● WORK ORDER:
Reproduce the lines below exactly. Skip images.

● SUPPLIED ENTRIES:
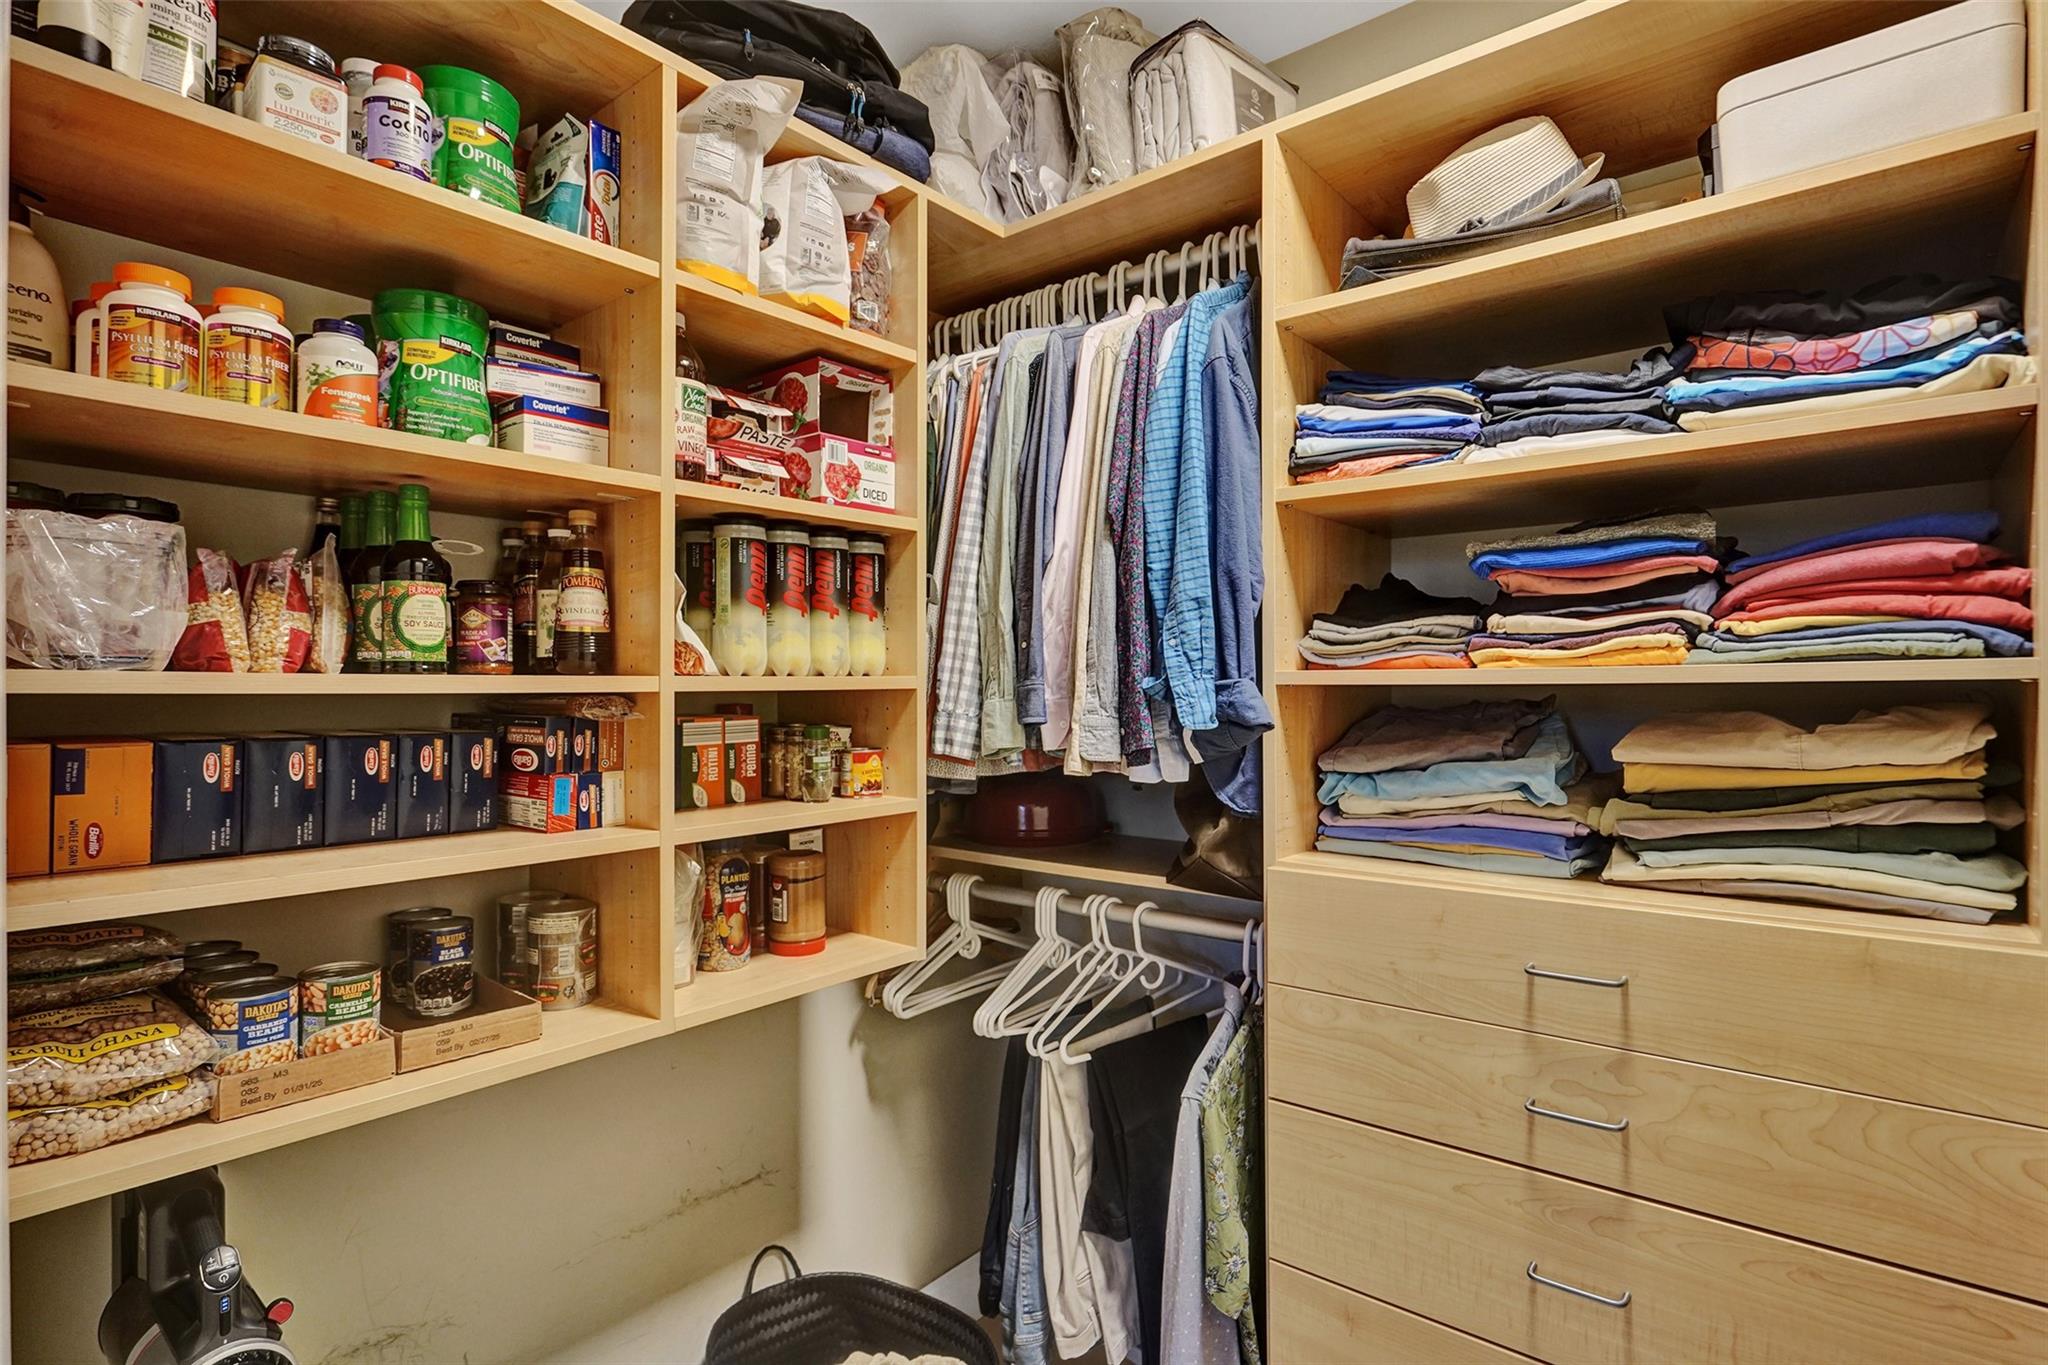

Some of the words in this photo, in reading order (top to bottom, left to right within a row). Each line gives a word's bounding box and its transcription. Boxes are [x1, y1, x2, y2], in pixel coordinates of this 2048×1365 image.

[167, 0, 211, 23] eal's
[184, 13, 207, 33] Bath
[602, 177, 611, 206] Total
[136, 307, 181, 322] KIRKLAND
[231, 325, 273, 340] KIRKLAND
[506, 332, 541, 349] Coverlet
[174, 340, 199, 358] FIBER
[265, 356, 289, 373] FIBER
[321, 386, 372, 404] Fenugreek
[532, 399, 569, 415] Coverlet
[676, 425, 695, 434] RAW
[864, 461, 888, 474] ORGANIC
[863, 488, 888, 502] DICED
[562, 575, 606, 589] POMPEIAN
[744, 541, 767, 616] penn
[783, 544, 808, 618] penn
[812, 550, 840, 620] penn
[851, 554, 878, 622] penn
[404, 620, 421, 628] SOY
[424, 620, 444, 629] SAUCE
[524, 733, 544, 743] WHOLE
[223, 746, 231, 766] GRAIN
[307, 746, 315, 765] GRAIN
[513, 754, 532, 766] Barilla
[708, 747, 719, 781] ROTINI
[207, 754, 216, 777] Barilla
[223, 766, 231, 789] WHOLE
[307, 765, 315, 786] WHOLE
[68, 819, 79, 843] WHOLE
[89, 826, 100, 857] Barilla
[68, 844, 79, 866] GRAIN
[9, 934, 70, 945] ASOOR
[76, 928, 134, 944] MATKI
[438, 951, 465, 962] BEANS
[440, 946, 464, 955] BLACK
[335, 1003, 368, 1015] BEANS
[243, 1018, 288, 1032] GARBANZO
[248, 1024, 285, 1039] BEANS
[10, 1044, 85, 1058] KABULI
[90, 1026, 165, 1051] CHANA
[247, 1037, 268, 1046] CHICK
[269, 1033, 285, 1041] PEAS
[436, 1045, 452, 1056] Best
[454, 1043, 464, 1051] By
[273, 1069, 289, 1080] M3
[240, 1096, 261, 1107] Best
[264, 1092, 277, 1101] By

● ANSWER TO THIS EXERCISE:
Some of the words in this photo, in reading order (top to bottom, left to right within a row). Each line gives a word's bounding box and its transcription. Boxes are [x1, y1, x2, y2], in pixel coordinates of this 2048×1365 image.

[167, 0, 211, 23] eal's
[184, 13, 207, 33] Bath
[602, 177, 611, 206] Total
[136, 307, 181, 322] KIRKLAND
[231, 325, 273, 340] KIRKLAND
[506, 332, 541, 349] Coverlet
[174, 340, 199, 358] FIBER
[265, 356, 289, 373] FIBER
[321, 386, 372, 404] Fenugreek
[532, 399, 569, 415] Coverlet
[676, 425, 695, 434] RAW
[864, 461, 888, 474] ORGANIC
[863, 488, 888, 502] DICED
[562, 575, 606, 589] POMPEIAN
[744, 541, 767, 616] penn
[783, 544, 808, 618] penn
[812, 550, 840, 620] penn
[851, 554, 878, 622] penn
[404, 620, 421, 628] SOY
[424, 620, 444, 629] SAUCE
[524, 733, 544, 743] WHOLE
[223, 746, 231, 766] GRAIN
[307, 746, 315, 765] GRAIN
[513, 754, 532, 766] Barilla
[708, 747, 719, 781] ROTINI
[207, 754, 216, 777] Barilla
[223, 766, 231, 789] WHOLE
[307, 765, 315, 786] WHOLE
[68, 819, 79, 843] WHOLE
[89, 826, 100, 857] Barilla
[68, 844, 79, 866] GRAIN
[9, 934, 70, 945] ASOOR
[76, 928, 134, 944] MATKI
[438, 951, 465, 962] BEANS
[440, 946, 464, 955] BLACK
[335, 1003, 368, 1015] BEANS
[243, 1018, 288, 1032] GARBANZO
[248, 1024, 285, 1039] BEANS
[10, 1044, 85, 1058] KABULI
[90, 1026, 165, 1051] CHANA
[247, 1037, 268, 1046] CHICK
[269, 1033, 285, 1041] PEAS
[436, 1045, 452, 1056] Best
[454, 1043, 464, 1051] By
[273, 1069, 289, 1080] M3
[240, 1096, 261, 1107] Best
[264, 1092, 277, 1101] By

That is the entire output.